### AIM OF THE TASK:
The reply should repeat all of the data word for word, with no pictures.

### Saved data entries:

-- -- --

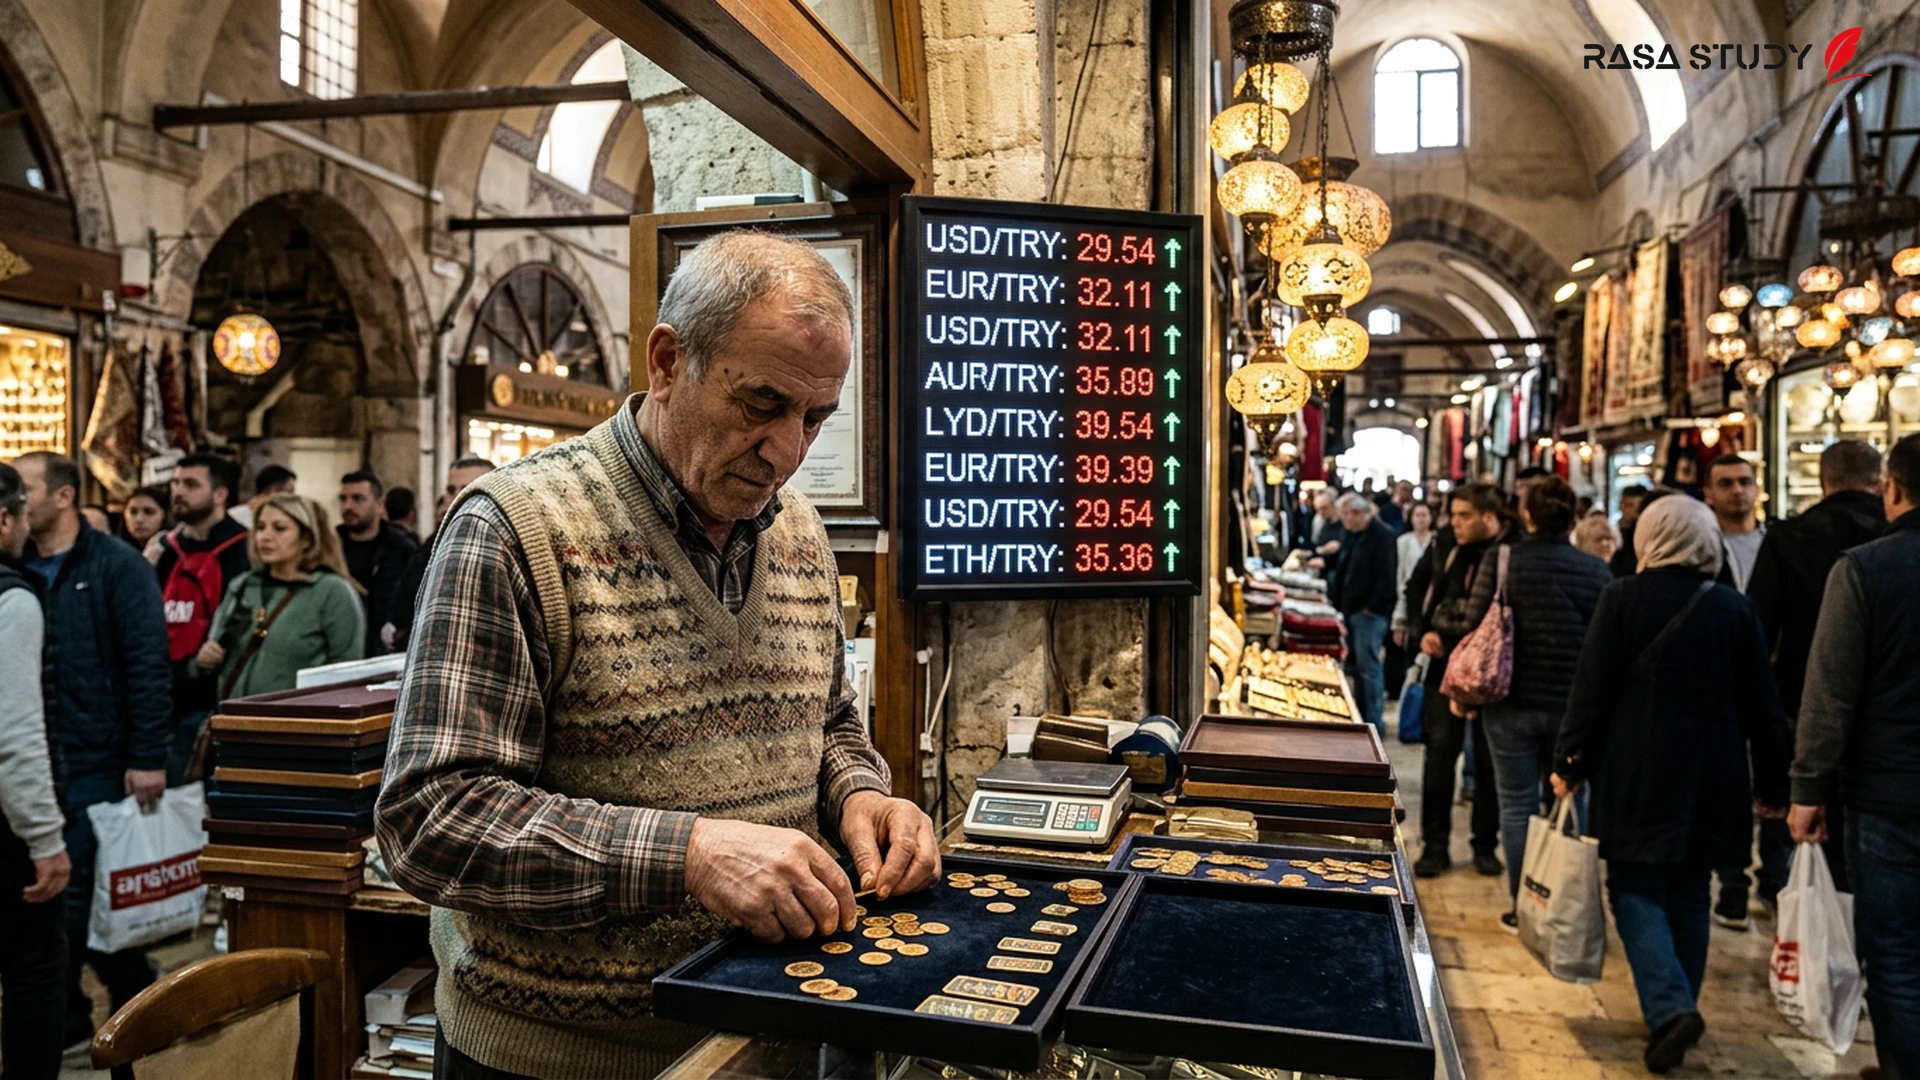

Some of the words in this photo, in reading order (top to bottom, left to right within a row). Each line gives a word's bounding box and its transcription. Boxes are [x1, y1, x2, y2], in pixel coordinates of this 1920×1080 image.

[926, 223, 1067, 259] USD/TRY:
[1077, 233, 1156, 265] 29.54
[926, 269, 1065, 304] EUR/TRY:
[1077, 277, 1152, 309] 32.11
[926, 315, 1067, 349] USD/TRY:
[1077, 322, 1152, 353] 32.11
[925, 362, 1065, 393] AUR/TRY:
[1075, 366, 1154, 397] 35.89
[925, 407, 1064, 438] LYD/TRY:
[1075, 410, 1154, 440] 39.54
[925, 453, 1064, 483] EUR/TRY:
[1075, 455, 1154, 484] 39.39
[925, 499, 1065, 528] USD/TRY:
[1075, 499, 1154, 528] 29.54
[925, 544, 1064, 573] ETH/TRY:
[1075, 543, 1154, 572] 35.36

-- -- --

### SOLUTION TO THE PROBLEM:
Some of the words in this photo, in reading order (top to bottom, left to right within a row). Each line gives a word's bounding box and its transcription. Boxes are [x1, y1, x2, y2], in pixel coordinates of this 1920×1080 image.

[926, 223, 1067, 259] USD/TRY:
[1077, 233, 1156, 265] 29.54
[926, 269, 1065, 304] EUR/TRY:
[1077, 277, 1152, 309] 32.11
[926, 315, 1067, 349] USD/TRY:
[1077, 322, 1152, 353] 32.11
[925, 362, 1065, 393] AUR/TRY:
[1075, 366, 1154, 397] 35.89
[925, 407, 1064, 438] LYD/TRY:
[1075, 410, 1154, 440] 39.54
[925, 453, 1064, 483] EUR/TRY:
[1075, 455, 1154, 484] 39.39
[925, 499, 1065, 528] USD/TRY:
[1075, 499, 1154, 528] 29.54
[925, 544, 1064, 573] ETH/TRY:
[1075, 543, 1154, 572] 35.36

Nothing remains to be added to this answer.